(Collected data)
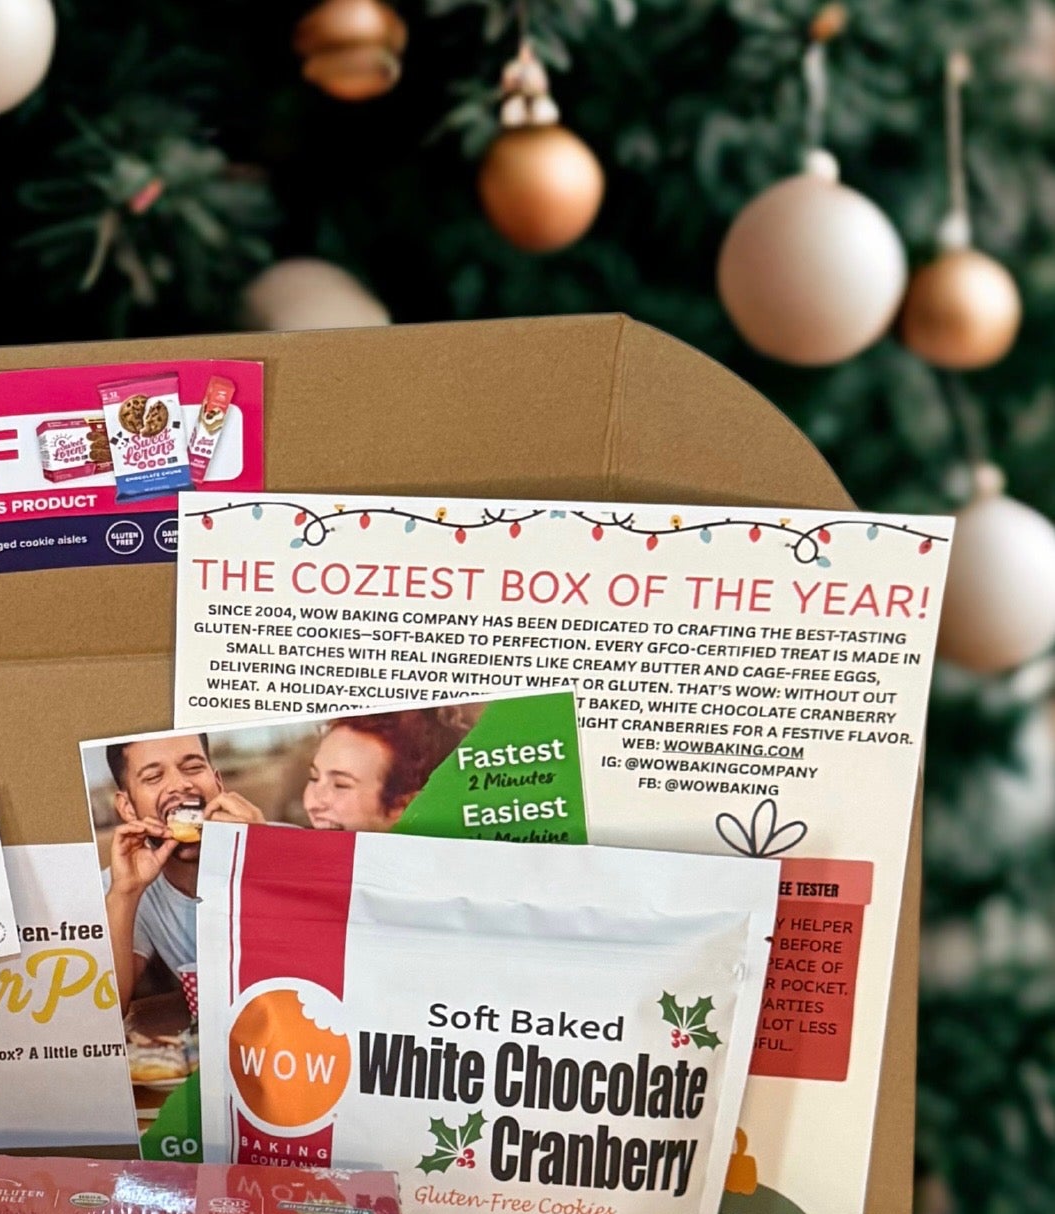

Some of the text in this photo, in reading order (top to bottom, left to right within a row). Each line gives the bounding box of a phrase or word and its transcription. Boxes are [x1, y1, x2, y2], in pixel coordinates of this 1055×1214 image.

[11, 494, 97, 512] PRODUCT
[19, 536, 55, 547] cookie
[57, 534, 87, 544] aisles
[111, 532, 139, 540] GLUTEN
[192, 558, 929, 619] THE COZIEST BOX OF THE YEAR!
[208, 604, 906, 644] SINCE 2004, WOW BAKING COMPANY HAS BEEN DEDICATED TO CRAFTING THE BEST-TASTING
[457, 738, 565, 770] Fastest
[622, 737, 804, 760] WEB: WOWBAKING.COM
[601, 755, 818, 778] IG: @WOWBAKINGCOMPANY
[468, 771, 556, 791] 2 Minutes
[638, 777, 778, 795] FB: @WOWBAKING
[463, 796, 568, 827] Easiest
[796, 881, 839, 898] TESTER
[790, 919, 853, 934] HELPER
[780, 938, 842, 954] BEFORE
[781, 979, 848, 996] POCKET.
[427, 1003, 625, 1042] Soft Baked
[29, 1047, 39, 1060] A
[44, 1045, 78, 1059] little
[240, 1045, 336, 1084] WOW
[359, 1030, 708, 1119] White Chocolate
[241, 1136, 328, 1160] BAKING
[490, 1116, 698, 1198] Cranberry
[414, 1186, 534, 1214] Gluten-Free
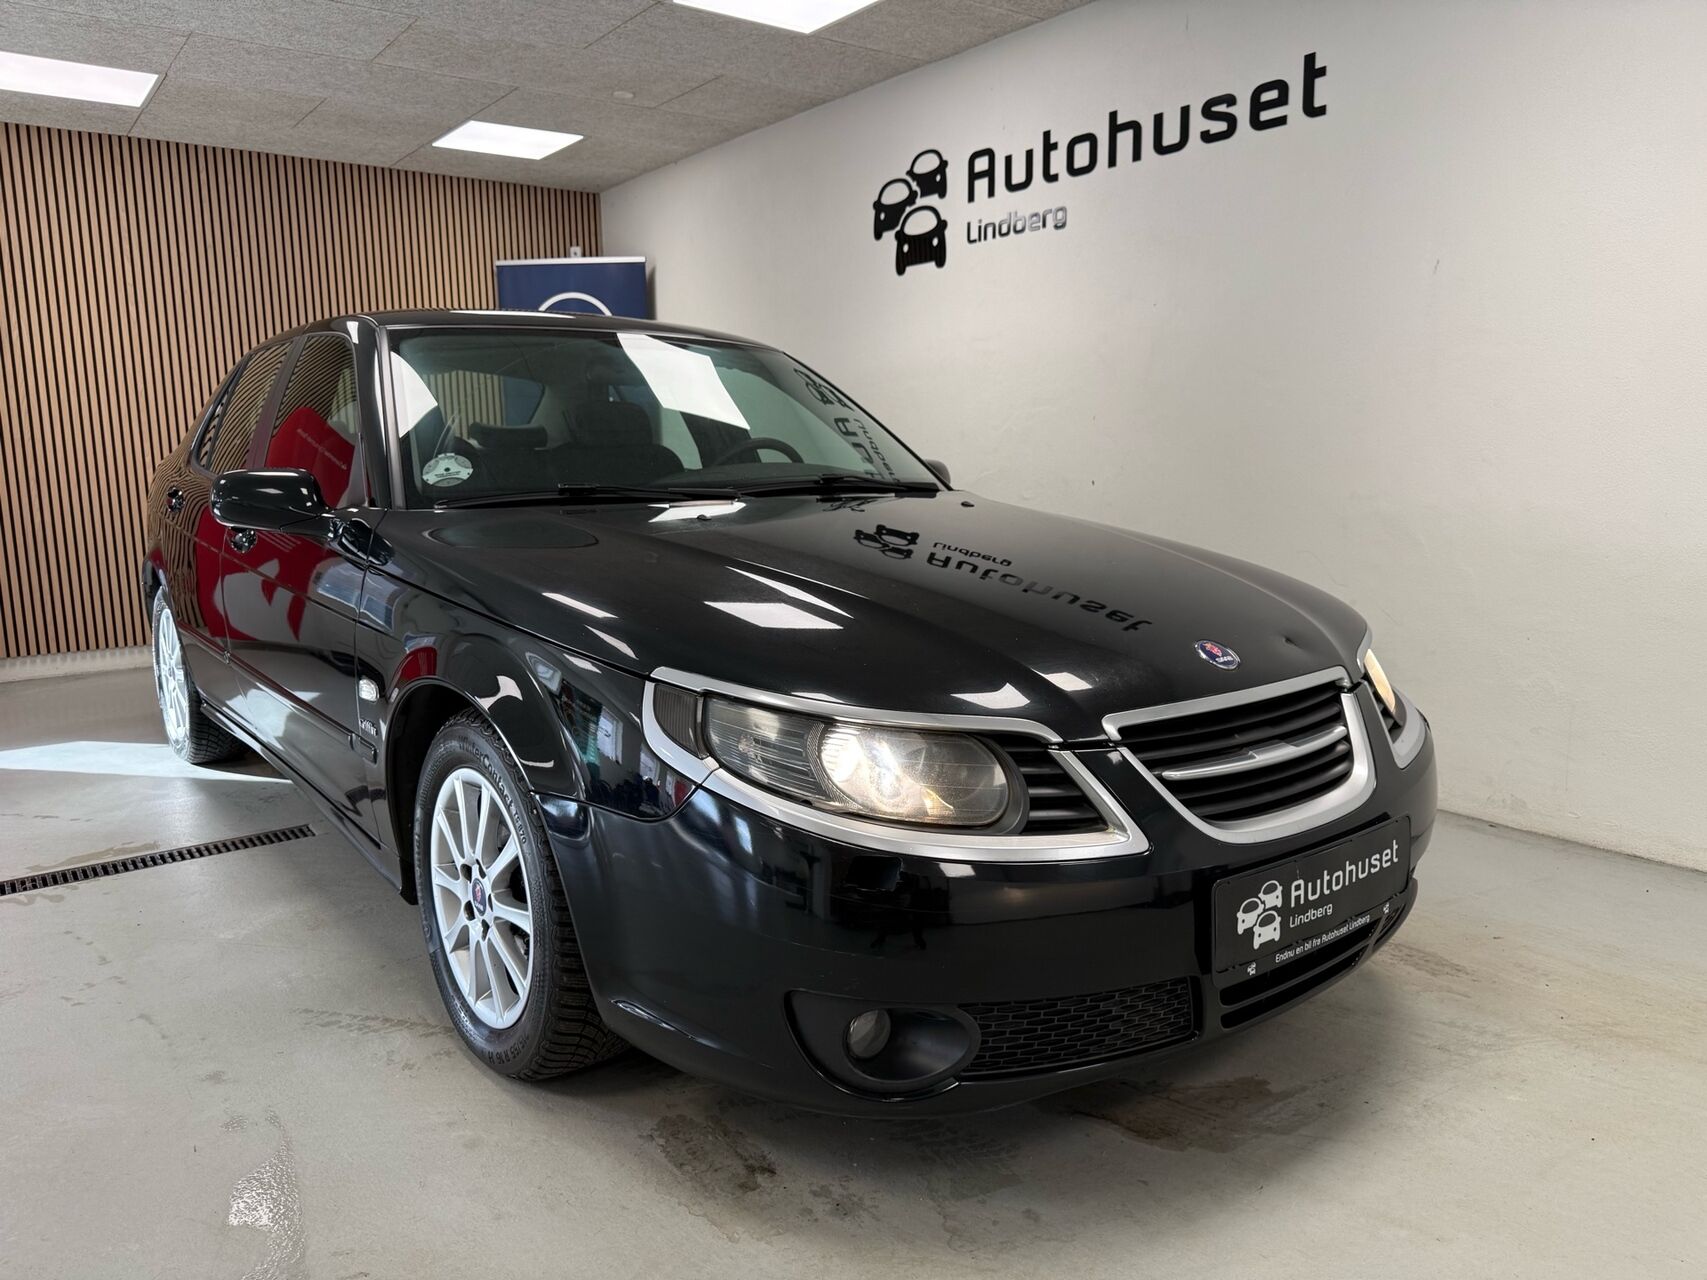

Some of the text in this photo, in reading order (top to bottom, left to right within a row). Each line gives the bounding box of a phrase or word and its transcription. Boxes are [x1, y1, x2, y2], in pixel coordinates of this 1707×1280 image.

[967, 52, 1327, 203] Autohuset
[967, 205, 1067, 244] Lindberg
[1291, 839, 1399, 908] Autohuset
[1275, 914, 1370, 963] Endnu en bil fra Autohuset Lindberg
[1290, 903, 1333, 928] Lindberg
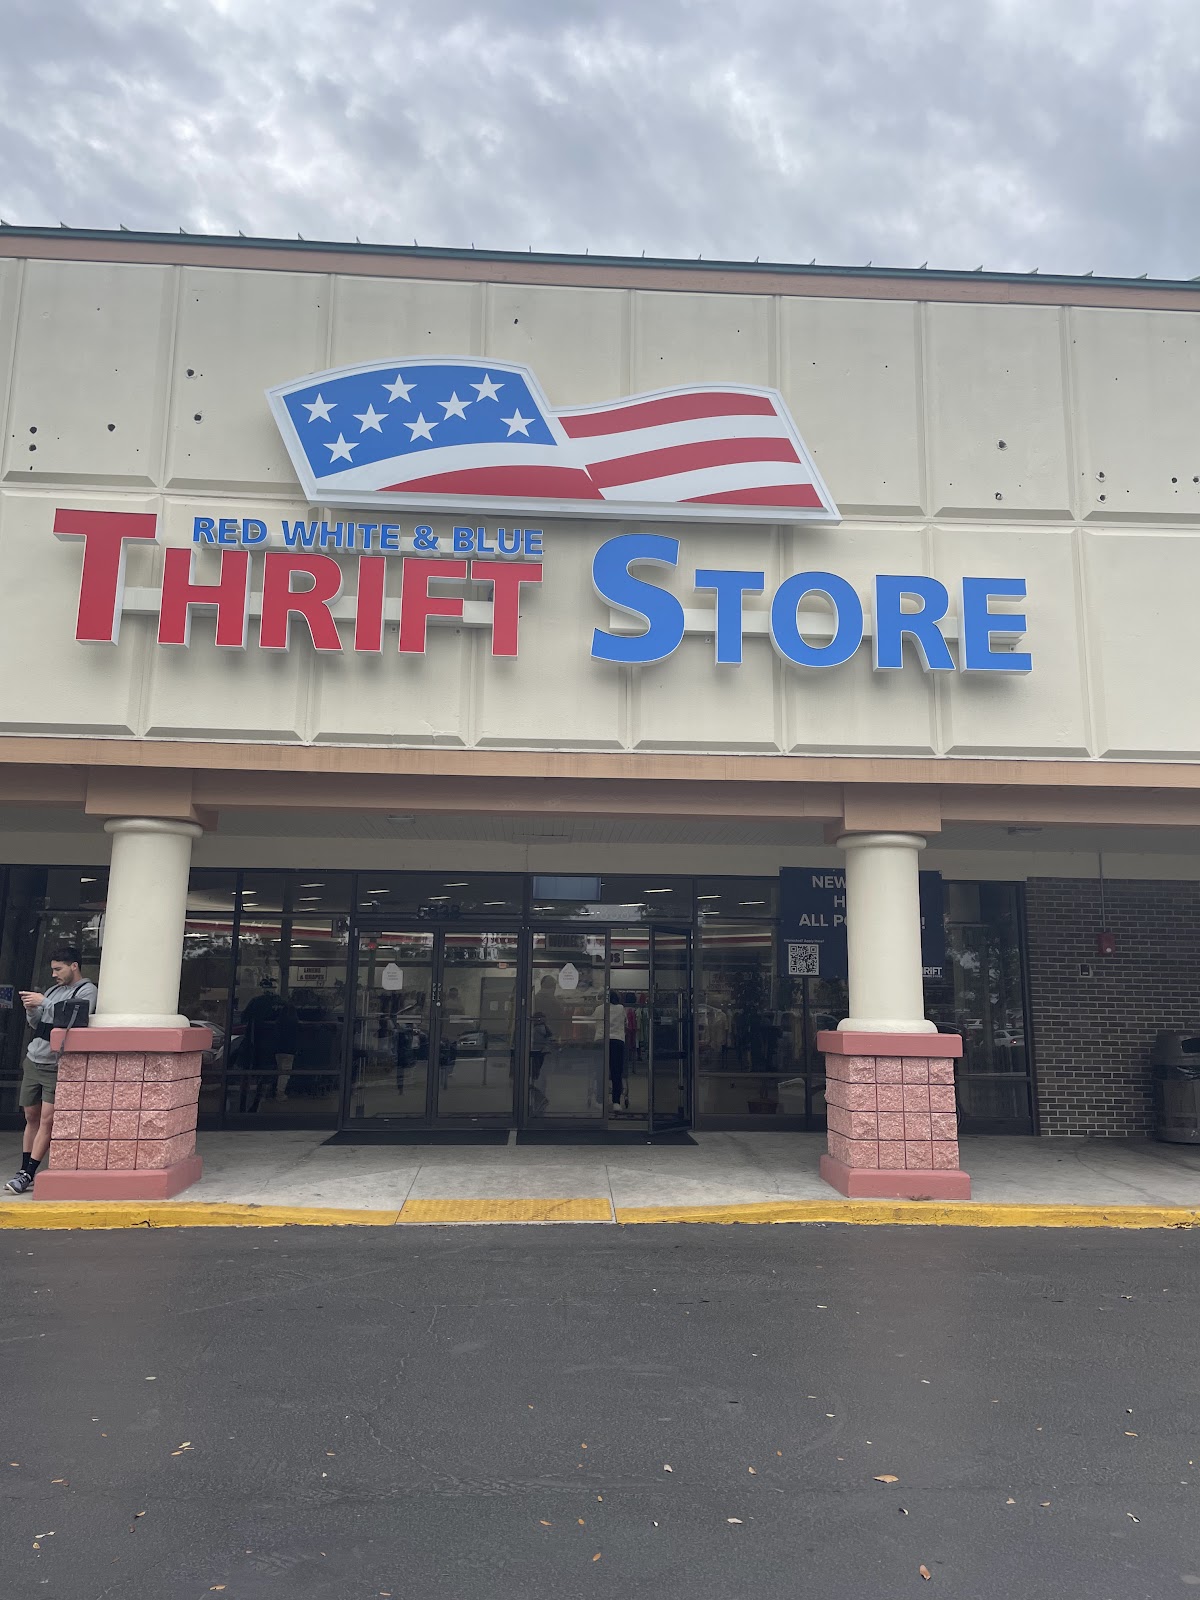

» **EXERCISE GOAL**
Give the entries again exactly, but skip every image.

» **RESPONSE**
Some of the text in this photo, in reading order (top to bottom, left to right within a row). Each line gives the bounding box of a phrase or word and its transcription. Boxes are [x1, y1, x2, y2], in pixel coordinates of this 1055×1214 image.

[11, 494, 97, 512] PRODUCT
[19, 536, 55, 547] cookie
[57, 534, 87, 544] aisles
[111, 532, 139, 540] GLUTEN
[192, 558, 929, 619] THE COZIEST BOX OF THE YEAR!
[208, 604, 906, 644] SINCE 2004, WOW BAKING COMPANY HAS BEEN DEDICATED TO CRAFTING THE BEST-TASTING
[457, 738, 565, 770] Fastest
[622, 737, 804, 760] WEB: WOWBAKING.COM
[601, 755, 818, 778] IG: @WOWBAKINGCOMPANY
[468, 771, 556, 791] 2 Minutes
[638, 777, 778, 795] FB: @WOWBAKING
[463, 796, 568, 827] Easiest
[796, 881, 839, 898] TESTER
[790, 919, 853, 934] HELPER
[780, 938, 842, 954] BEFORE
[781, 979, 848, 996] POCKET.
[427, 1003, 625, 1042] Soft Baked
[29, 1047, 39, 1060] A
[44, 1045, 78, 1059] little
[240, 1045, 336, 1084] WOW
[359, 1030, 708, 1119] White Chocolate
[241, 1136, 328, 1160] BAKING
[490, 1116, 698, 1198] Cranberry
[414, 1186, 534, 1214] Gluten-Free

Some of the text in this photo, in reading order (top to bottom, left to right within a row). Each line gives the bounding box of a phrase or word and its transcription. Boxes are [x1, y1, x2, y2], in pixel coordinates of this 1707×1280 image.

[967, 52, 1327, 203] Autohuset
[967, 205, 1067, 244] Lindberg
[1291, 839, 1399, 908] Autohuset
[1275, 914, 1370, 963] Endnu en bil fra Autohuset Lindberg
[1290, 903, 1333, 928] Lindberg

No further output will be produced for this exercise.